Furthermore, Table 1 shows the dose–response relationship between temperature categories and number of aggressive incidents. The cumulative number of aggressive incidents per temperature category increased from 8.4 <30 °C up to 11.1 >33.5°C (ANOVA: P < 0.05; linear trend: P < 0.01). There was no such relationship for the number of coercive interventions.

Discussion

To our knowledge, this is the first study providing evidence for an impact of elevated ambient temperature on aggressive behaviour in psychiatric in-patients. The assumption of a causal association is strengthened by evidence for a dose-dependent relationship. Against a background of worldwide climate change and increasing acknowledgement of environmental influences on the origin, and course of, mental disorders this finding could be relevant for further research and clinical practice as well. A relationship between aggressive behaviour and temperature is well-known from different perspectives,³ yet there has been no evidence in the field of mental disorders so far.

General aggression model

The nature of the relationship between temperature and aggression has long been debated. Some authors are in favour of a curvilinear model, whereas others are in favour of a U-shaped relationship.⁹ Our analysis showed a linear trend for the relationship between aggressive behaviour and temperature. The predominant model to explain this relationship is the general aggression model.¹⁰ This model hypothesises a variety of external inputs influencing decision-making processes concerning aggressive behaviour against a background of internal dispositions, for example emotional status or stress level. Ambient temperature would be considered one of these external factors. Based on the assumption that in response to aversive stimuli individuals choose either to fight or to flee (negative affect escape model¹¹), this model predicts that the tendency to aggressive behaviour increases up to a certain degree until individuals will try to escape the situation to minimise individual discomfort, resulting in a reduction in aggressive behaviour.
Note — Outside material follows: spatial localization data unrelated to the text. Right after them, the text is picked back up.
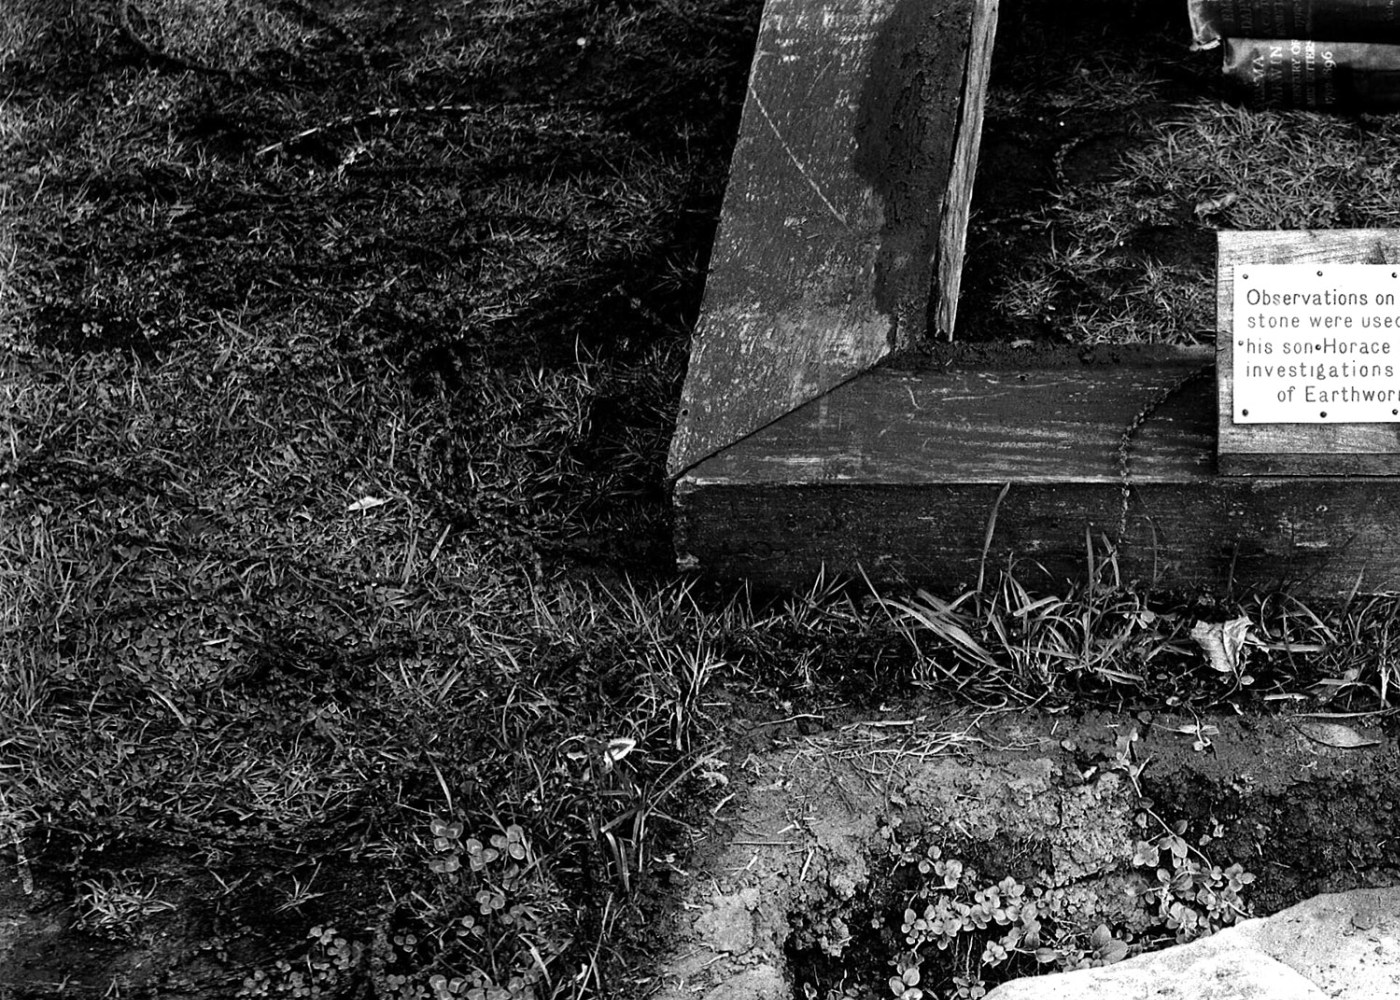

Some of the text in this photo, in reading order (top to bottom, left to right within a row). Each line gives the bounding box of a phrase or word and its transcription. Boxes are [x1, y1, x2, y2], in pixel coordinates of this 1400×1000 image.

[1246, 288, 1368, 306] Observations
[1375, 293, 1395, 306] on
[1247, 313, 1300, 329] stone
[1309, 316, 1353, 329] were
[1246, 337, 1273, 354] his
[1283, 343, 1313, 354] son
[1323, 337, 1391, 354] Horace
[1246, 361, 1394, 381] investigations
[1277, 384, 1295, 402] of
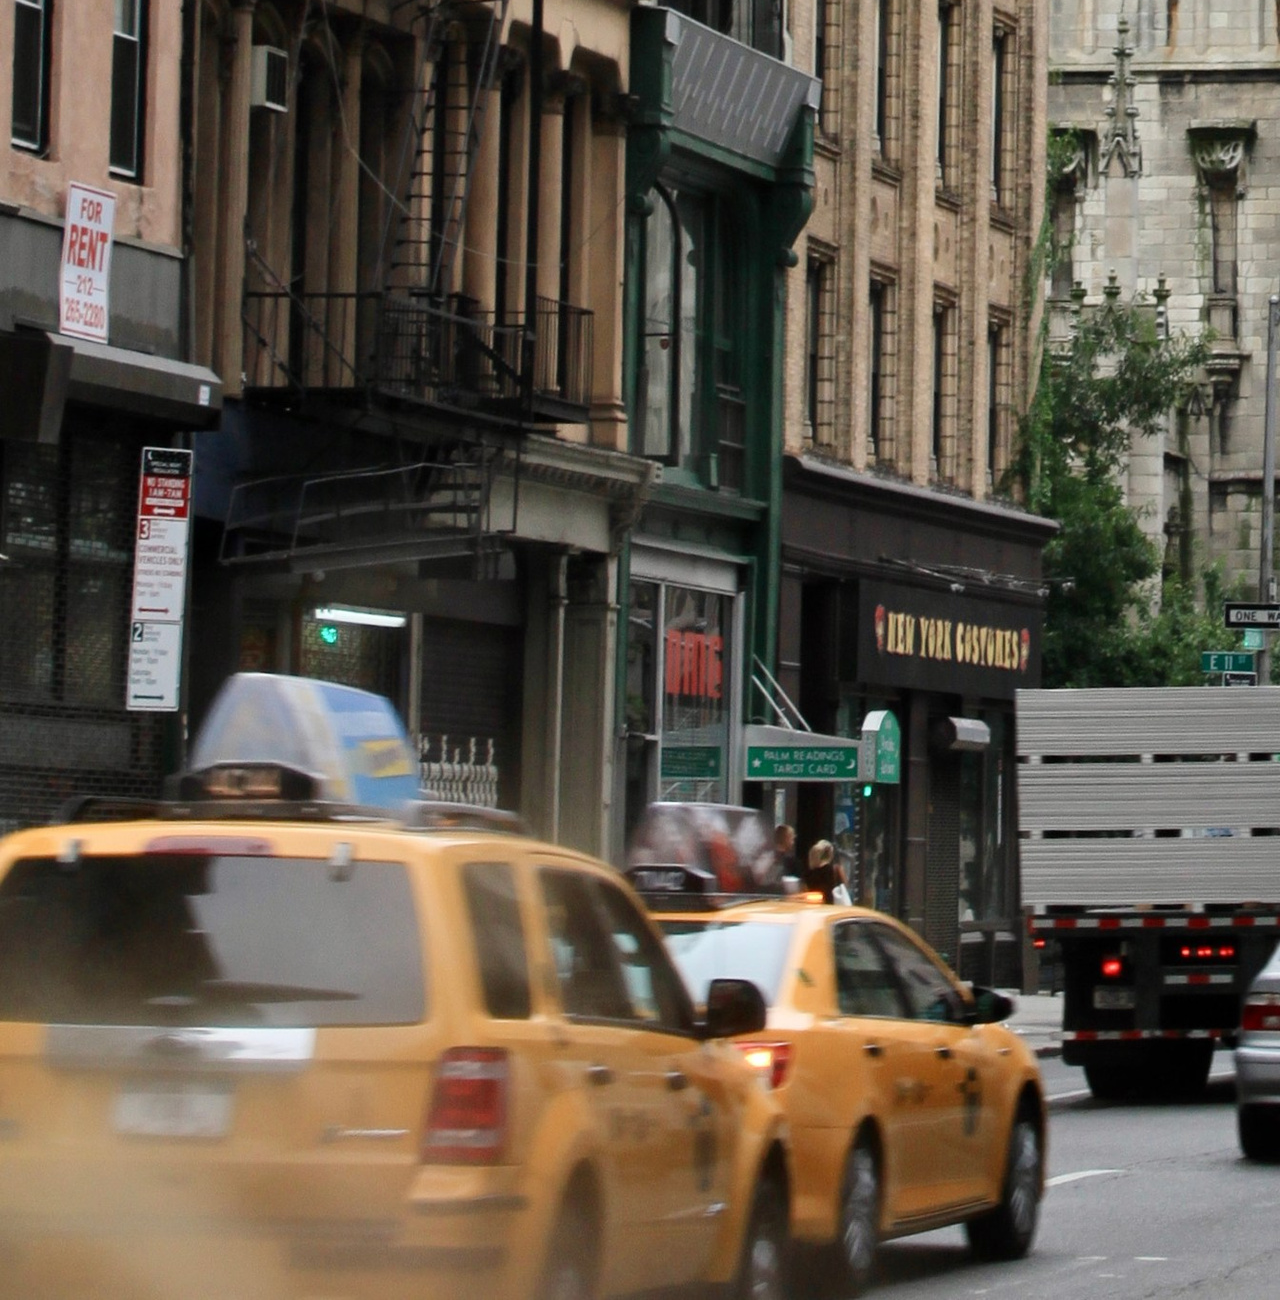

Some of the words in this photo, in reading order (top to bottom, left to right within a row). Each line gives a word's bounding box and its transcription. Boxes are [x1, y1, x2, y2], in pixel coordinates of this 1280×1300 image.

[80, 198, 103, 224] FOR
[67, 223, 108, 273] RENT
[76, 275, 93, 296] 212
[147, 477, 156, 487] NO
[157, 478, 185, 489] STANDING
[140, 520, 149, 539] 3
[139, 545, 177, 554] COMMERCIAL
[139, 556, 166, 565] VEHICLES
[168, 557, 183, 566] ONLY
[1236, 611, 1257, 622] ONE
[133, 623, 142, 641] 2
[887, 611, 915, 656] NEW
[918, 616, 952, 662] YORK
[955, 622, 1019, 670] COSTUMES
[1210, 655, 1218, 670] E
[1224, 655, 1233, 670] 11
[764, 750, 790, 760] PALM
[793, 750, 845, 761] READINGS
[773, 763, 804, 774] TAROT
[808, 764, 837, 774] CARD
Although this possibility might be relevant for individuals in their daily environment, this escape is less likely to be possible in a psychiatric hospital setting, particularly for those involuntarily detained because of being a danger to others or self.
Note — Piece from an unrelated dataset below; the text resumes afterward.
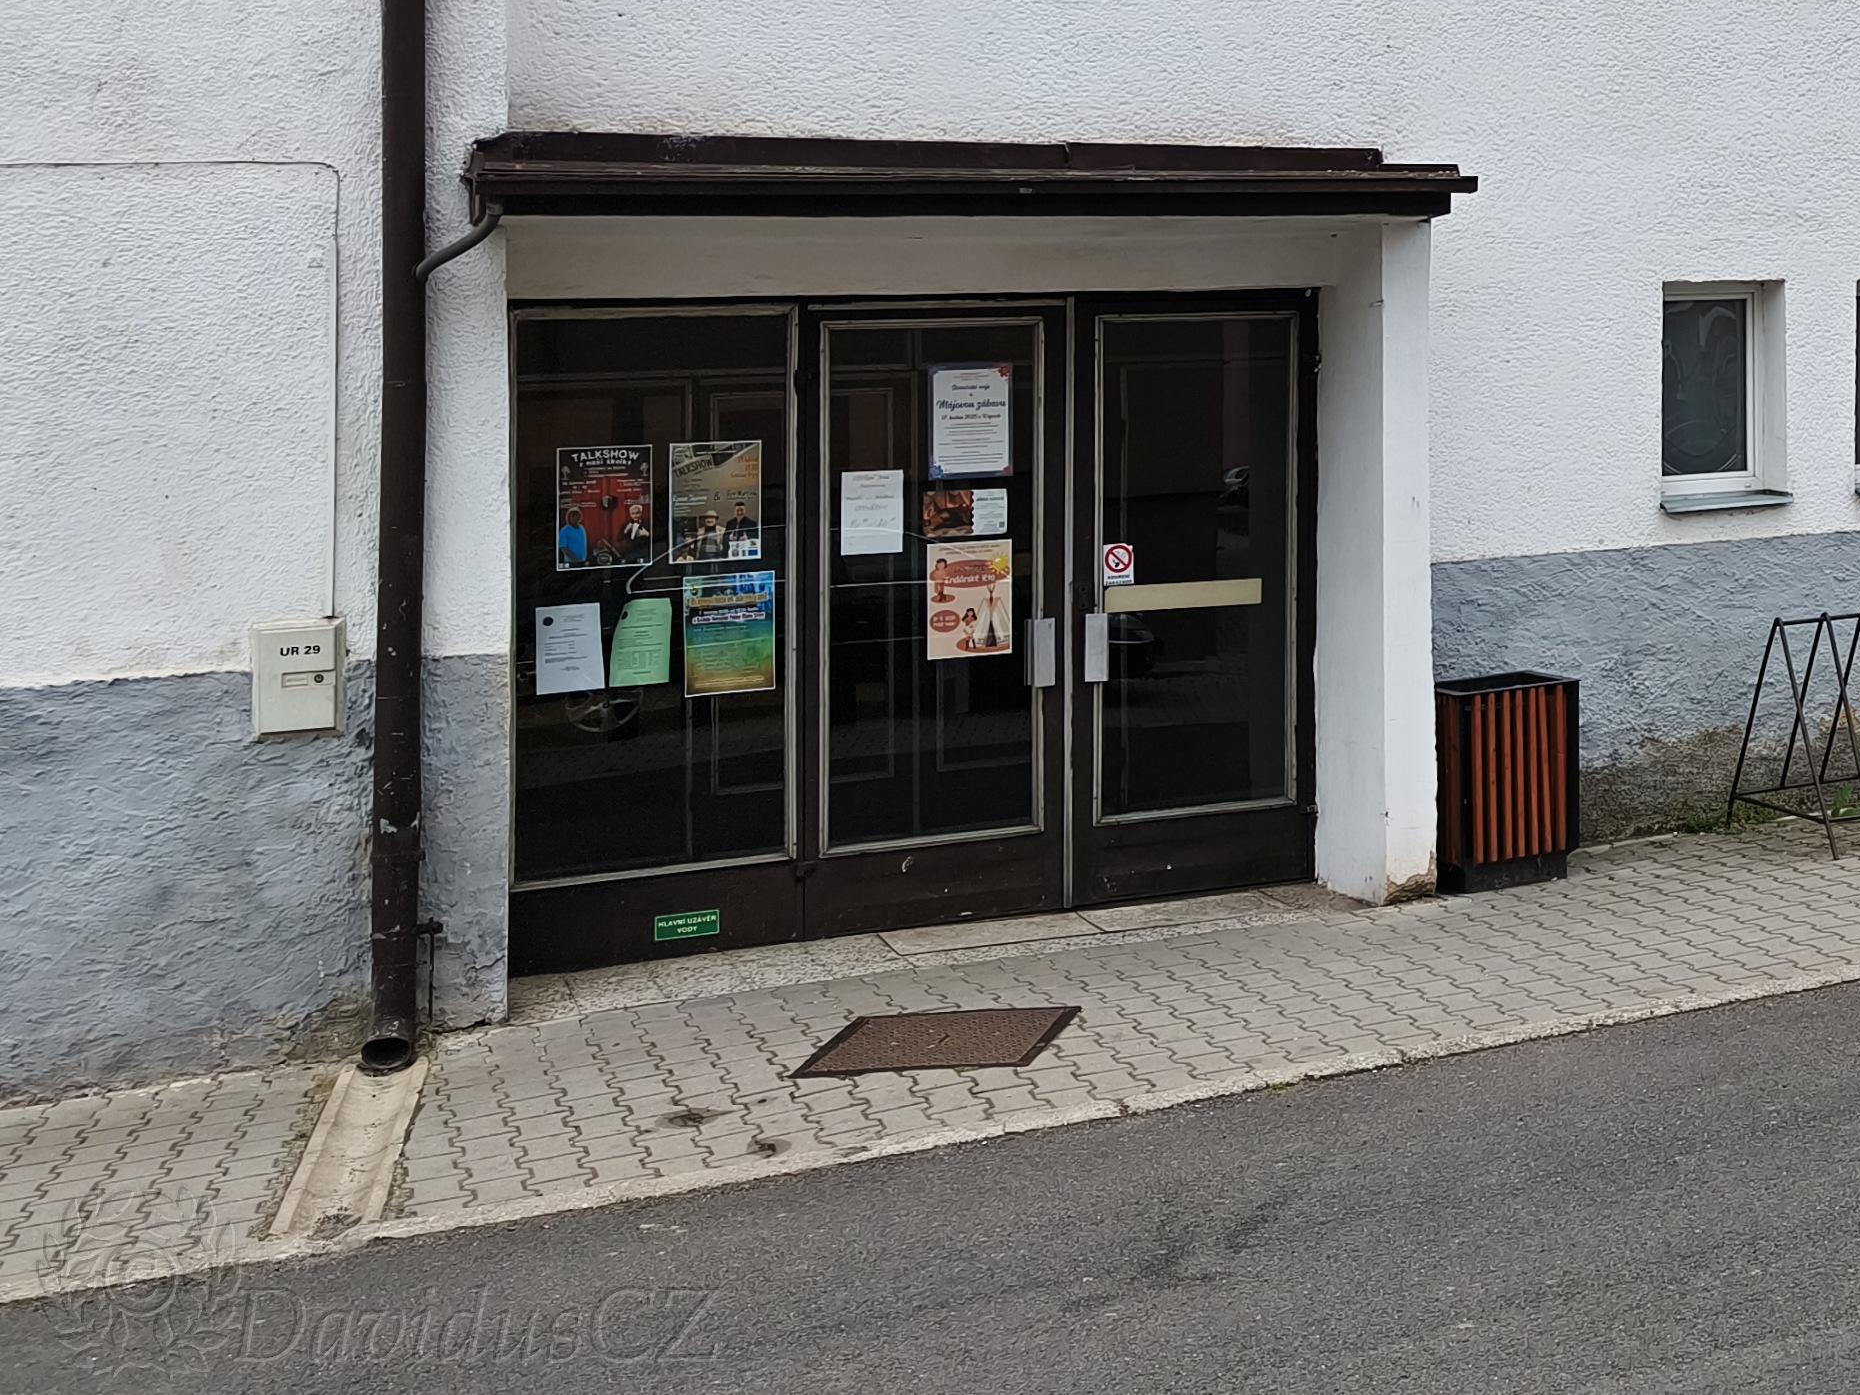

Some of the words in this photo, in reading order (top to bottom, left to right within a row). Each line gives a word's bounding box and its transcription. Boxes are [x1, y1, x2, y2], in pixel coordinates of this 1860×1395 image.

[571, 449, 640, 463] TALKSHOW
[280, 646, 300, 657] UR
[303, 645, 321, 655] 29
[658, 919, 686, 927] HLAVNÍ
Interestingly, the dose–response relationship could not be demonstrated for coercive measures taken by staff. In our experience, a reason for this could be that in days with extremely high temperatures seclusion rooms have such a high temperature that staff are sometimes advised to avoid using these rooms because of considerations about patient safety and staff safety. Seclusion rooms are used for seclusion and mechanical restraint with 1:1 supervision.

Limitations

In this analysis we could not take into account any covariates, such as other climate-related variables or staffing levels, and data on the temperature within the buildings were not available. However, these factors probably have not caused systematic error and their interactions could be an objective of further research.

Implications

This study has some consequences for further research and practice. The next challenge for research will be to replicate these findings with multiple measurements inside of psychiatric wards. Consequences for hospital management and planning are under discussion already. An obvious consequence would be changes in the planning of buildings, by installing air conditioning in new buildings or retrofitting it in existing buildings. However, this strategy has some serious flaws: First, this kind of solution is part of the problem, if air conditioning is not use purely regenerative energy sources. Second, air conditioning means keeping windows and doors of terraces, patios and balconies closed, which would mean an end to our concept of open psychiatric wards.¹² ‘Open’ in this sense means more than entrance doors that are not locked; patients may feel locked in if they cannot open a window in their room or the door to a secured balcony. Thus, our recommendations for architectural planning are rather to keep the heat outside using smart building techniques such as optimal use of insulation materials, sensor-driven shutters or heat exchange systems under floors. The future will show whether these approaches can cope with the challenge of increasing periods of high temperatures.